Peru Industry

For a long time, the mining industry is Peru’s most important industry and the fastest growing sector in recent years. The manufacturing industry comprises the production of fishmeal, the processing of agricultural commodities and the manufacture of pharmaceuticals and textiles.

The mining industry, which was largely nationalized in the 1970s, was in crisis for a long time due to high taxes, lack of foreign investors, guerrilla war and economic mismanagement in the 1980s (see Modern History). Since the government changed its investment rules in 1992, foreign capital flowed into the mining industry. Even in the oil and gas industry, it became easier for foreign companies to extract new deposits, and in 1996 parts of the state oil company were privatized.

The mining industry is dominated by Western companies, but since the turn of the millennium, Chinese-owned mining companies have also started investing in Peru.

A large part of the copper mined is processed into pipes and wire in a smelter in the city of Ilo in the south. Other important metals, such as gold, lead, silver, zinc and iron, are mainly exported as raw materials.

The manufacturing industry was protected against foreign competition by high tariffs until the 1990s. The industry was inefficient and out of date, and when barriers to trade were removed, it became difficult for many industries to compete with imports from outside.

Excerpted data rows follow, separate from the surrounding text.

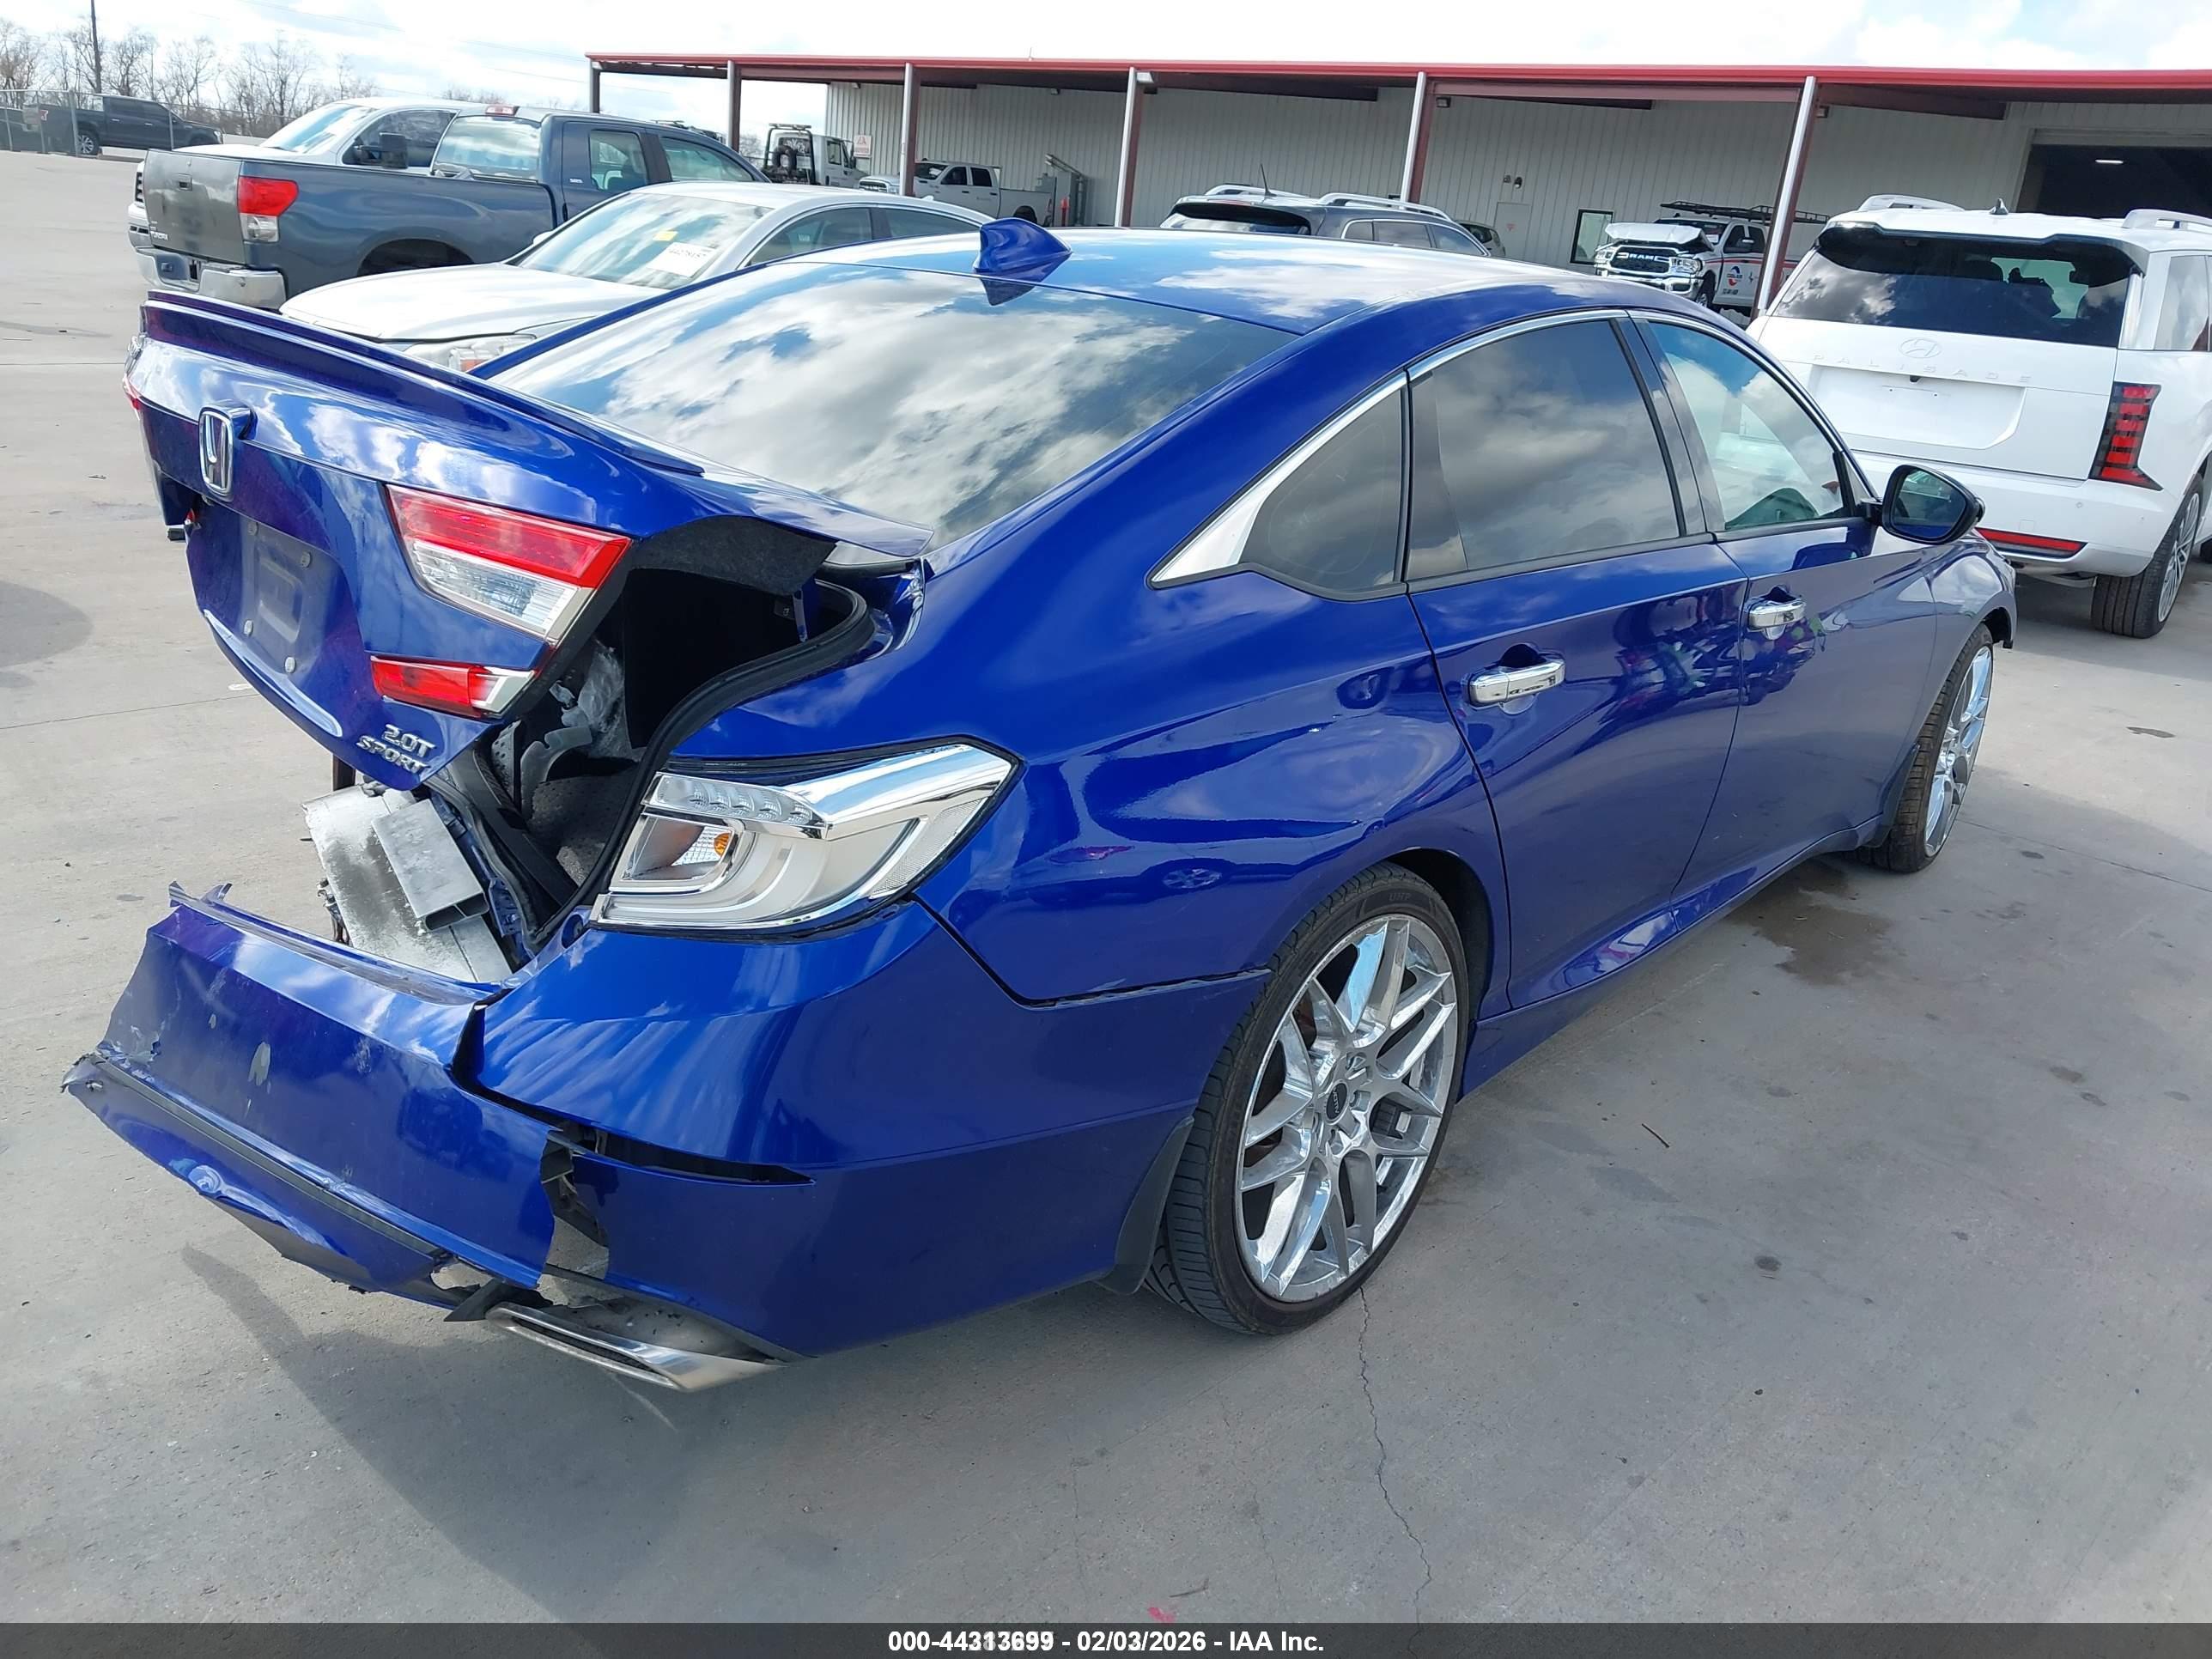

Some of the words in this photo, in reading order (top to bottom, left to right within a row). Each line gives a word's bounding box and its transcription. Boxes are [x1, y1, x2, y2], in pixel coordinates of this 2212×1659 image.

[1813, 353, 2032, 383] PALISADE
[356, 735, 431, 774] SPORT
[381, 723, 436, 757] 2.0T
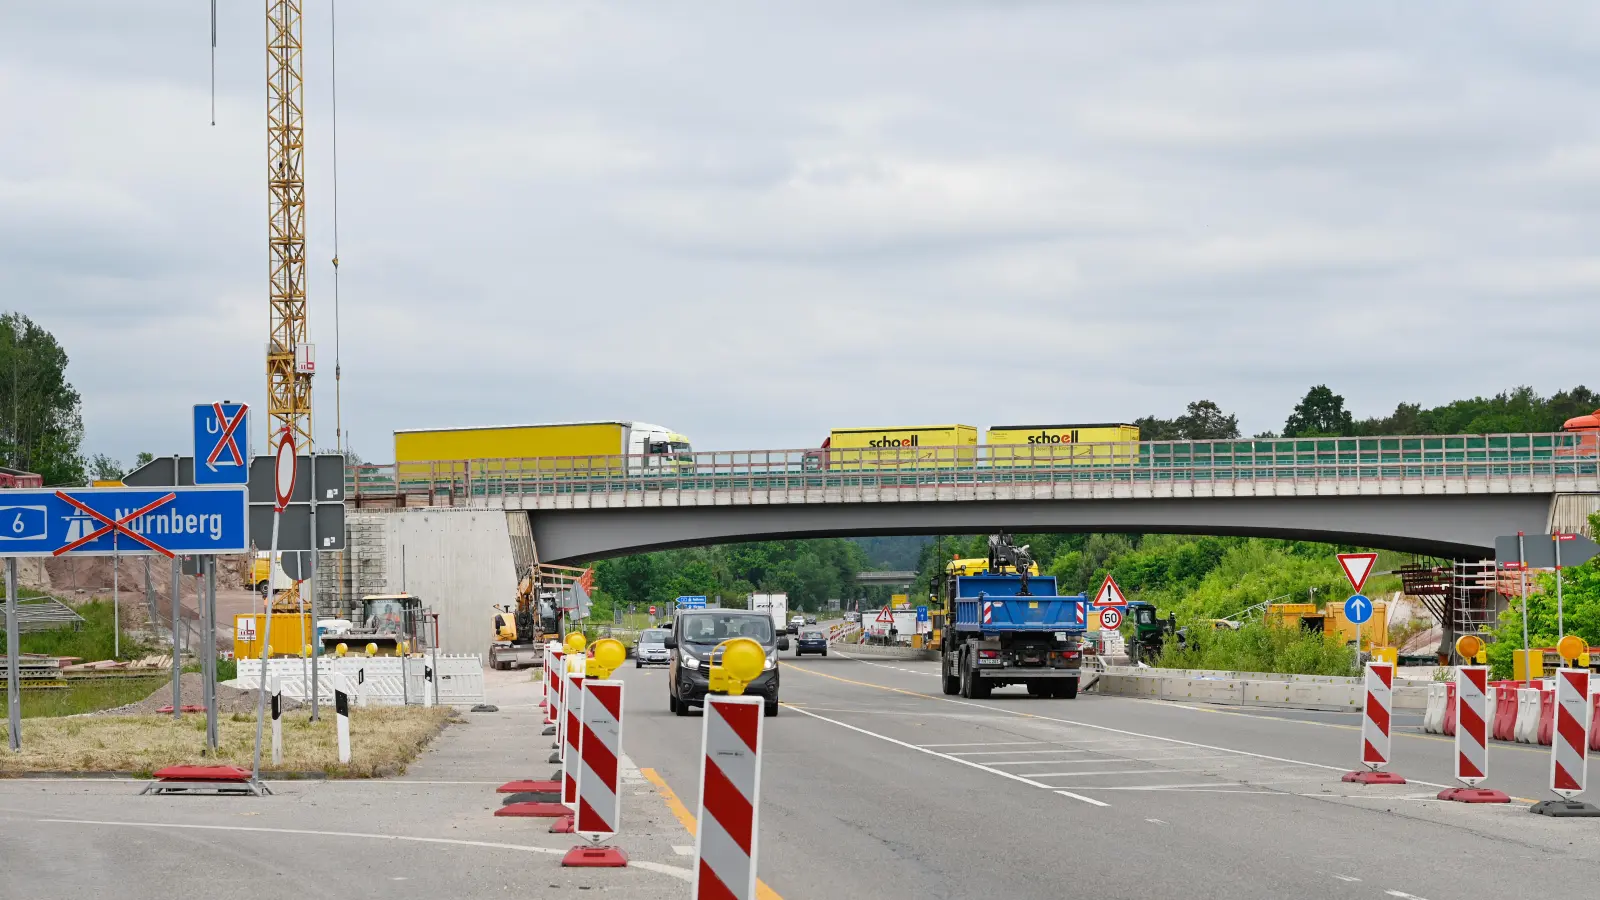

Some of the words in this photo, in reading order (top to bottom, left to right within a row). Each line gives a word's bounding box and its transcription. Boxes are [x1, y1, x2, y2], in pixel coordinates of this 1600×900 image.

[206, 416, 234, 434] U
[869, 434, 918, 448] schoell
[1027, 429, 1079, 444] schoell
[12, 512, 25, 533] 6
[115, 507, 222, 540] Nürnberg
[1104, 613, 1117, 624] 50
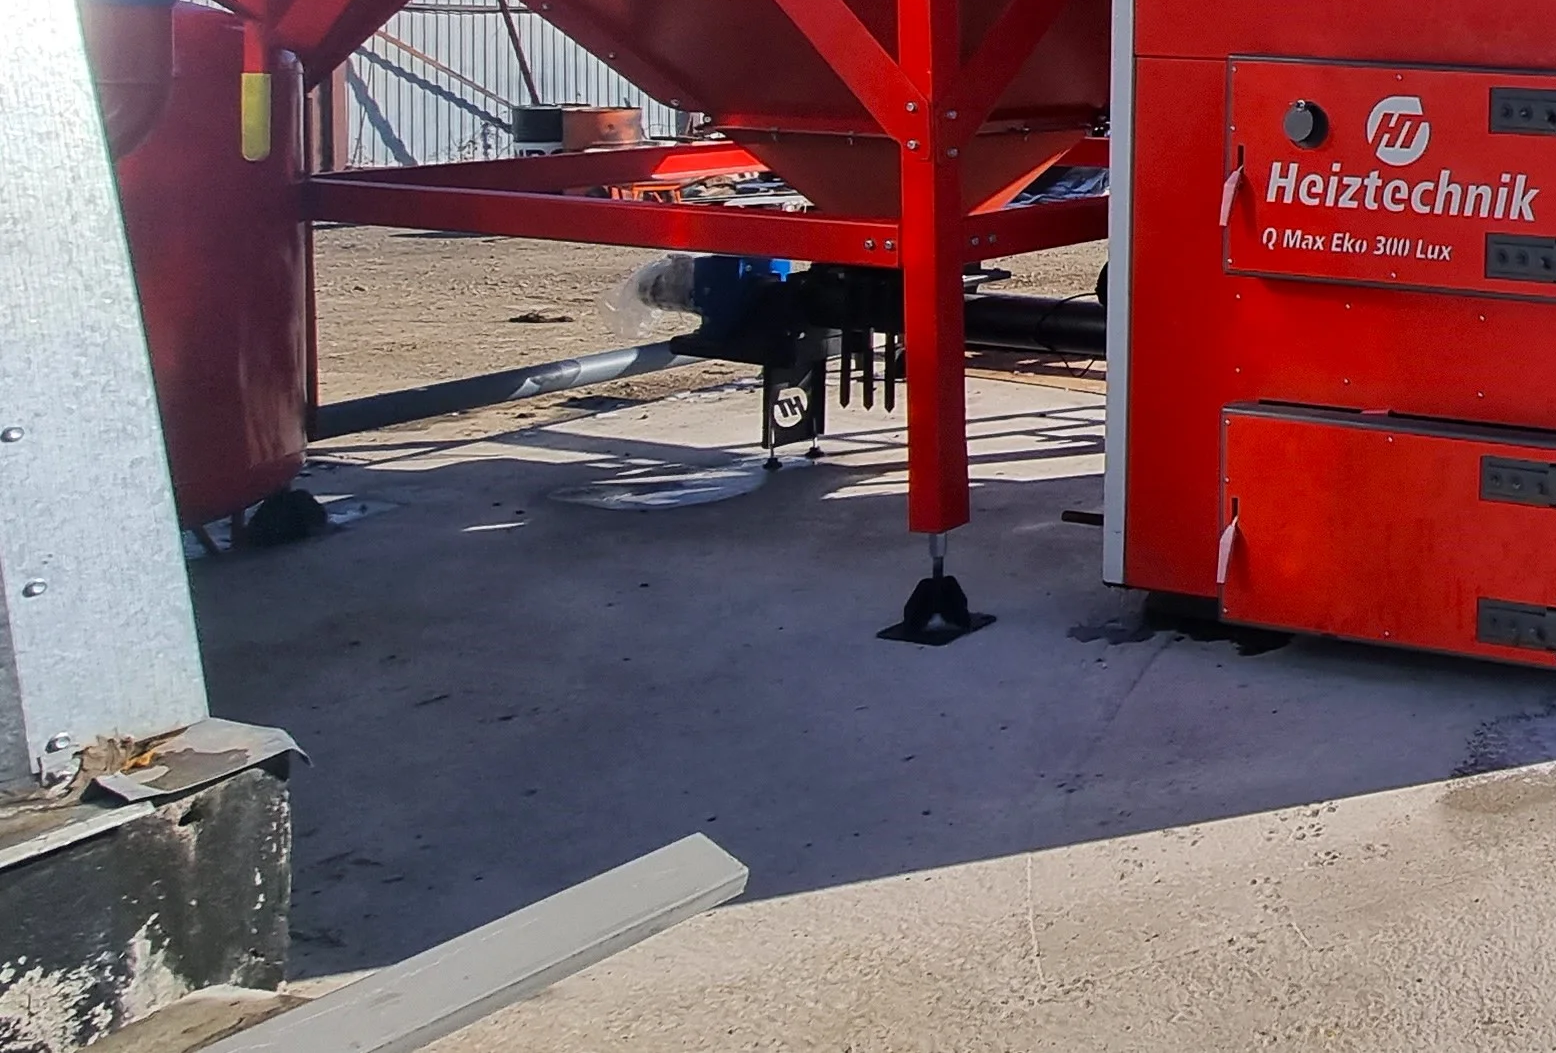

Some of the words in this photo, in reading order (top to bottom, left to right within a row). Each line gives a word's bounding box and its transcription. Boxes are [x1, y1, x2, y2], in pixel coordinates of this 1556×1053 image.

[1266, 161, 1539, 221] Heiztechnik
[1262, 227, 1277, 250] Q
[1283, 229, 1326, 250] Max
[1331, 232, 1367, 254] Eko
[1373, 235, 1410, 257] 300
[1416, 239, 1452, 261] Lux

Several companies went bankrupt or were bought out. Traditional industries are still the most important, such as the manufacture of fishmeal, the processing of agricultural products and the metal industry. In the textile industry, high quality clothing is made from Peruvian pima cotton as well as alpaca and vicuña wool. There is also a significant pharmaceutical industry.

  • COUNTRYAAH: List of top trading partners of Peru. Includes countries that imported most shipments from and exported most goods to the country.




Referendum on legal reform

December 9

In a referendum, voters may decide on four proposals concerning political and judicial reform. A large majority votes for three of the four proposals, while the fourth is rejected. The Peruvians agree to set up a seaman’s council to supervise and appoint independent judges and prosecutors – a result of several legal scandals. They also vote for a proposal for funding political parties, a topical issue in the wake of the Odebrech scandal (see June 2018). The proposal that congressmen should not be able to stand for re-election is also adopted, while it will be no for a senate to be established.

Ex-President García is denied asylum in Uruguay

December 3

Former President Alan García is denied asylum in Uruguay. The message is given by Uruguay’s President Tabaré Vásquez, who says García cannot be considered subject to political persecution because Peru is a democratically functioning state. García, who was president in 1985–1990 and 2006–11, is under investigation for receiving bribes during his second presidential term (see also June 10, 2018). He applied for asylum at the Uruguay Embassy in Lima on November 17, after being banned from leaving the country for 18 months. García leaves the embassy after being told he will not be granted asylum.


Additional Fujimori allied suspect

November 24

A judge issues an international arrest warrant for Jaime Yoshiyama, who was Keiko Fujimori’s vice presidential candidate in 2011. Yoshiyama, who is suspected of involvement in the same tangle as Fujimori (see October 31, 2018), is in the United States. Another Fujimori employee, businessman Augusto Bedoya, is ordered not to leave the country. The prosecutors have identified a total of eleven people suspected of being part of a “criminal organization” with the aim of raising money for Keiko Fujimori’s presidential campaign in 2011. Seven of them are in preventive detention, including Keiko Fujimori himself.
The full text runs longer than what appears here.